At around the 0:15 mark, two overlays come on screen, creating an open column in the middle and two horizontal channels at the top left and bottom right. I noticed that I was seeing both options: yellow lines moving horizontally across the top left, turning into downward-moving red and green, then transforming again to yellow as they "turned the corner" at the bottom channel.
I wonder if those horizontal spaces will help you see the yellow.
I saw the up/down initially, but now I can only see the sort-of-yellow left-right unless I close my right eye. The vision in my right eye is vastly more blurry than my left (thanks kerataconus!) and I suspect the blending of the red/green is more pronounced for that eye.
It may depend on the screen tech you’re using. It relies on persistence of vision to merge the red and green dots into yellow when tracking horizontally, but it wouldn’t work on too big or too small a screen, and might not work on pentile displays.
Try and lock onto a dot as you track your eye from left to right. And then to undo that, lock onto a dot as you track downwards. That's how I managed to switch between red/green and yellow dots.
It is much easier to see if you do not fullscreen it. Keep it relatively small, and if you still don't see them, unfocus your eyes just a little bit. Good luck!
Can someone help explain third place? I guess I could maybe see the white dot stretch into a line (triangle was the most obvious with two diagonals and a straight line), but it was barely perceivable.
I suffer from motion sickness (back seats of cars, most FPS games) and this one had a negative effect on my head and stomach.
The third is ‘The Rotating Circles’? You're supposed to look at the white dot, but the behavior of the small black circle in the middle will be changing, when in fact it does the same thing all the time.
The second one was slightly disappointing in that I didn't really see the yellow dots, but rather a flashing red/green. I'm assuming each color was on the screen just a bit too long to blend into yellow for me.
It took a while for me, it's similar to those 'hidden images in noise' in that you have to somehow 'switch' your eyes to see a certain way. For me anyway, it's possible it just doesn't work for everyone.
Hmm weird... my senses didn't get fooled at all by the illusions in rotating circles, right facing illusion, magic tic tac toe, or ambiguous cardboard arrows.
For the other ones, it took supreme effort to see past the illusion.
>The Necker Cube, published by Louis Necker in 1932, ushered in an almost 200-year investigation into visual illusion.

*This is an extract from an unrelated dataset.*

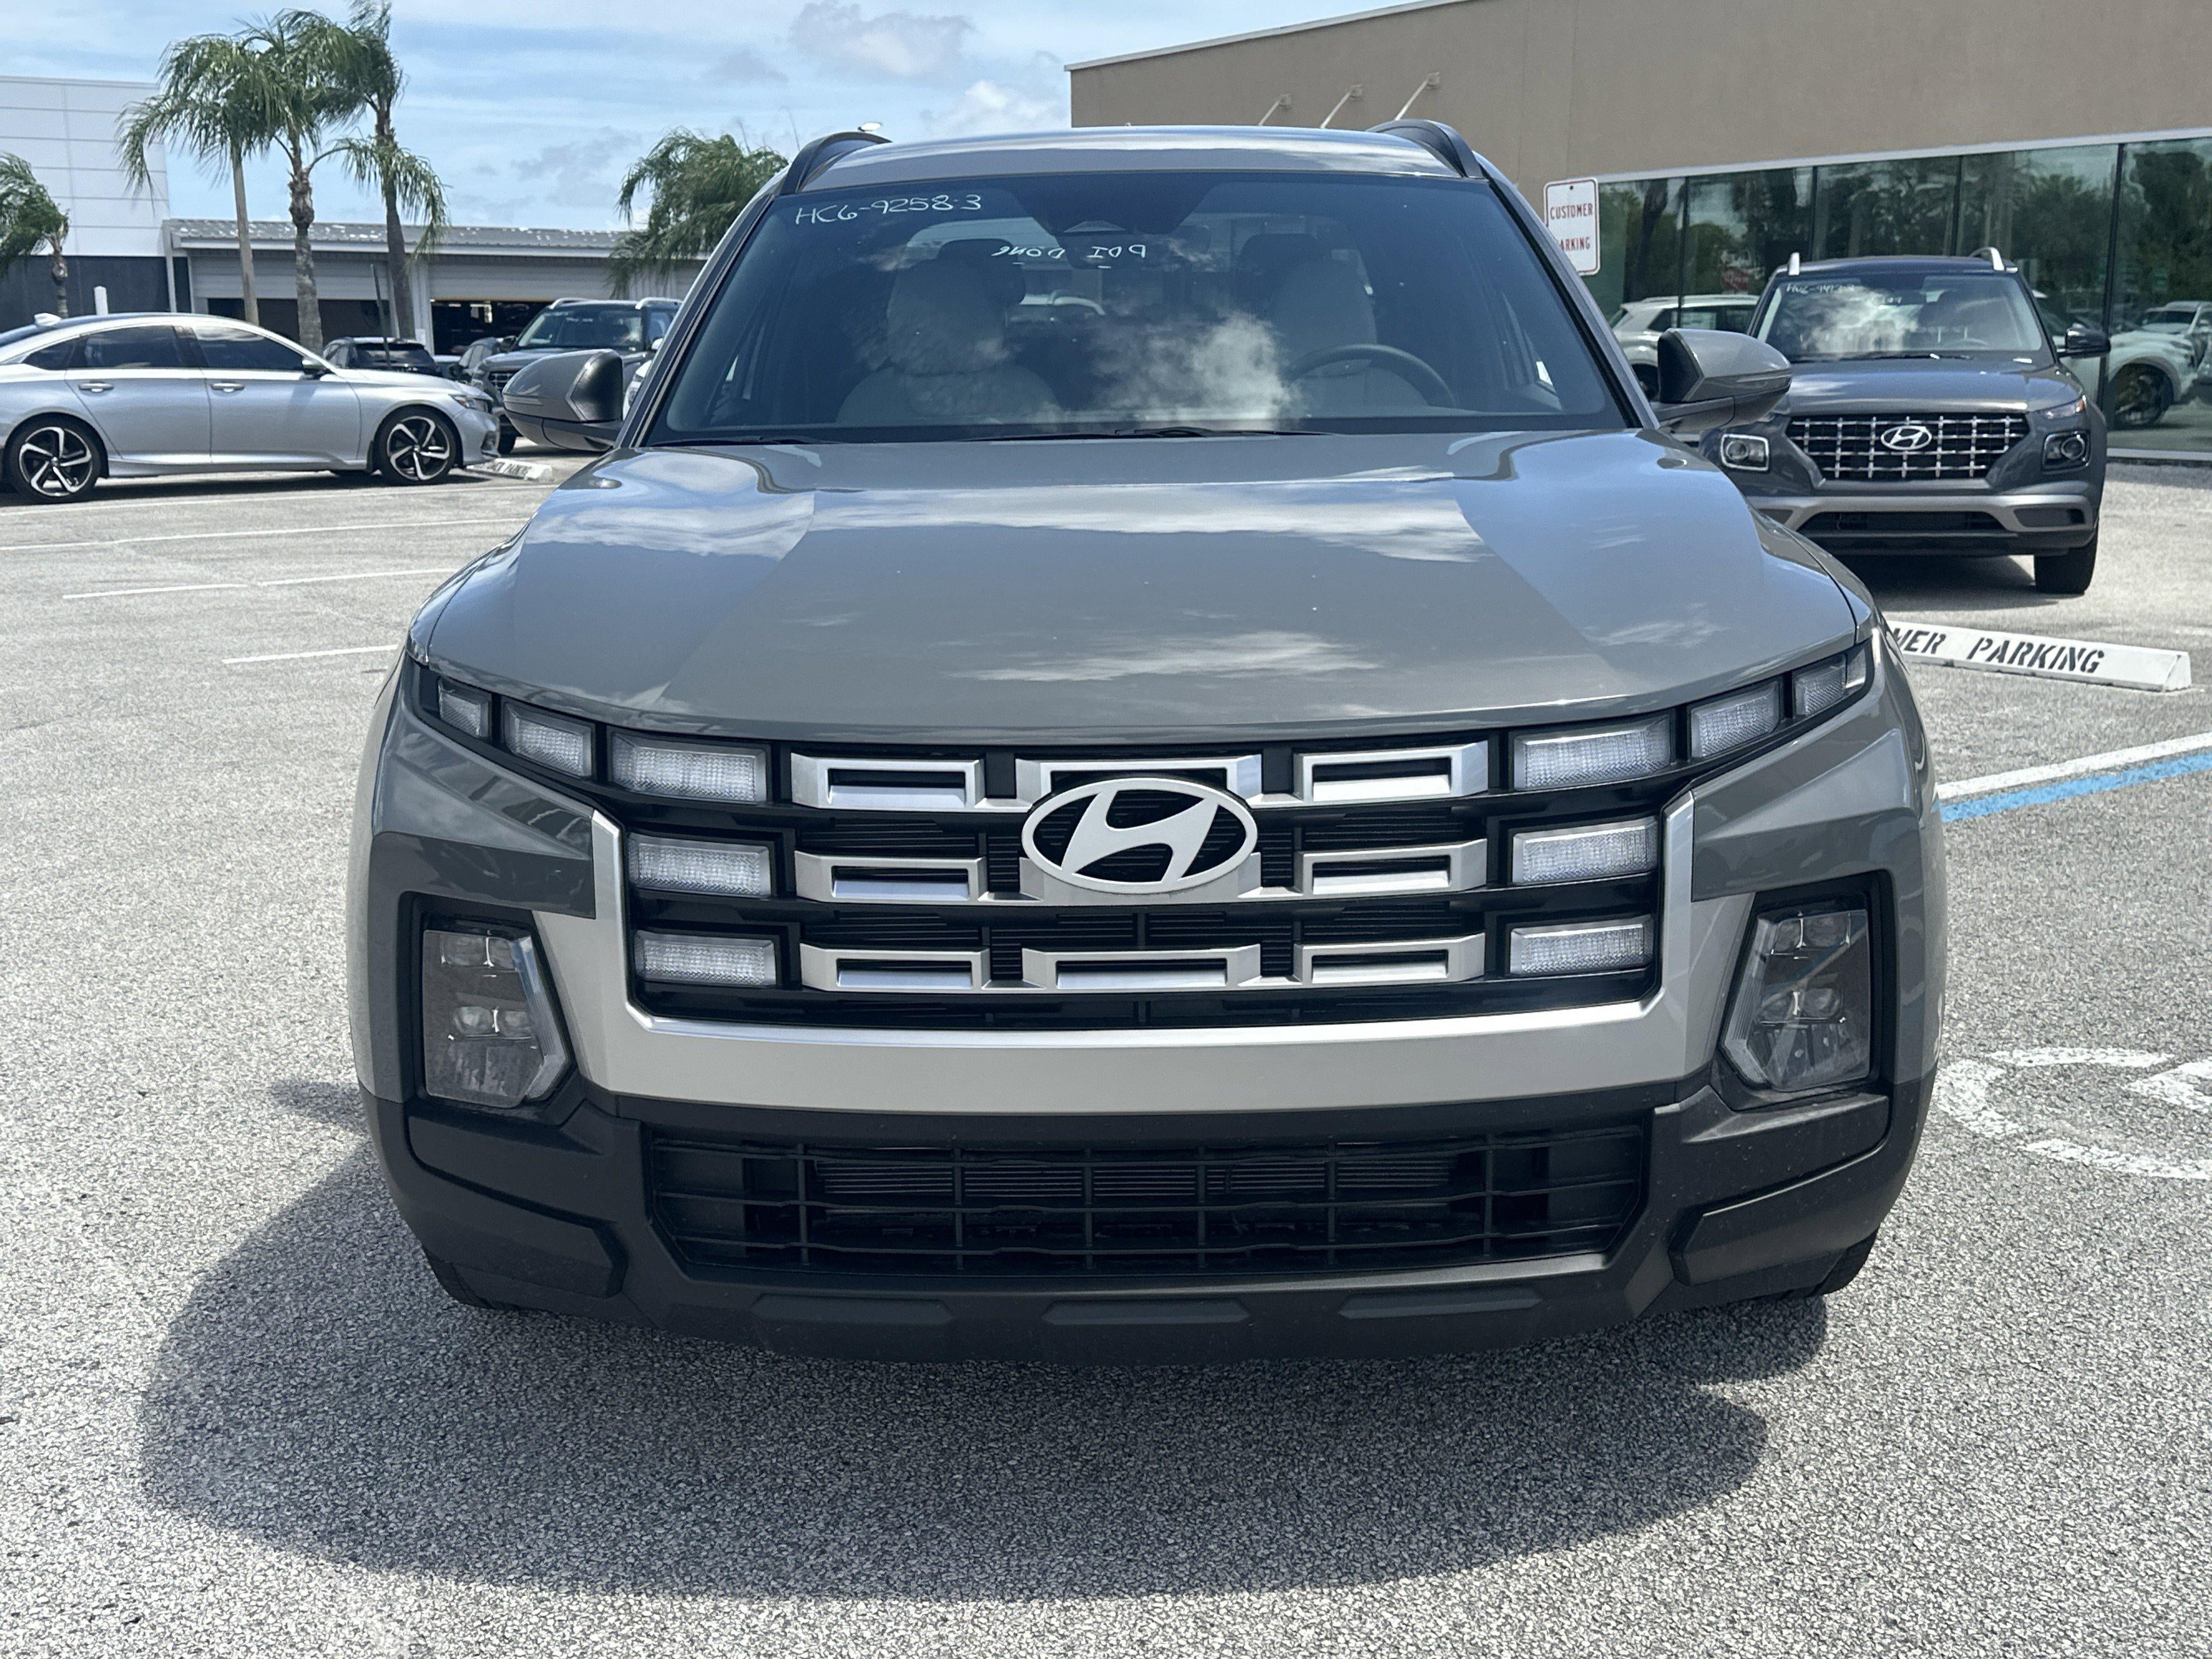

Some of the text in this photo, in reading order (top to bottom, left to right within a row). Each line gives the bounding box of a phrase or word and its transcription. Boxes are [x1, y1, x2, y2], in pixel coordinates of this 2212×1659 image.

[1550, 203, 1593, 219] CUSTOMER
[1560, 236, 1590, 251] ARKING
[1893, 628, 2104, 673] MER PARKING

This video continues that exploration today in-light-of what we now know about the fact that matter equals energy. The quantum physics revolution has altered our world in ways beyond compare. What we see in our day to day experience is quite different from what science has confirmed. This video asserts that we must question our assumptions about perspective. The Renaissance helped us understand how we see 3-D distance visually, and today’s science confirms that there is more to the story.
This should win an award for the greatest pile of random words masquerading as information.
What the hell does the first sentence even mean? How could an event in 1932 usher in a 200 year investigation - predicting something that ends in 2132?
OK, that accounts for the first sentence. But the rest?
> This video continues that exploration today in-light-of what we now know about the fact that matter equals energy.
Huh? I see nothing about interconversion of matter and energy here. At most, some excited electrons and biochemical changes.
> The quantum physics revolution has altered our world in ways beyond compare. What we see in our day to day experience is quite different from what science has confirmed.
No quantum effects here either. Except in the sense that protein biochemistry and biophysics implicitly involve them.
> This video asserts that we must question our assumptions about perspective.
This one makes sense.
> The Renaissance helped us understand how we see 3-D distance visually, and today’s science confirms that there is more to the story.
I guess. Except that Aristarchus of Samos understood parallax in the second century BC.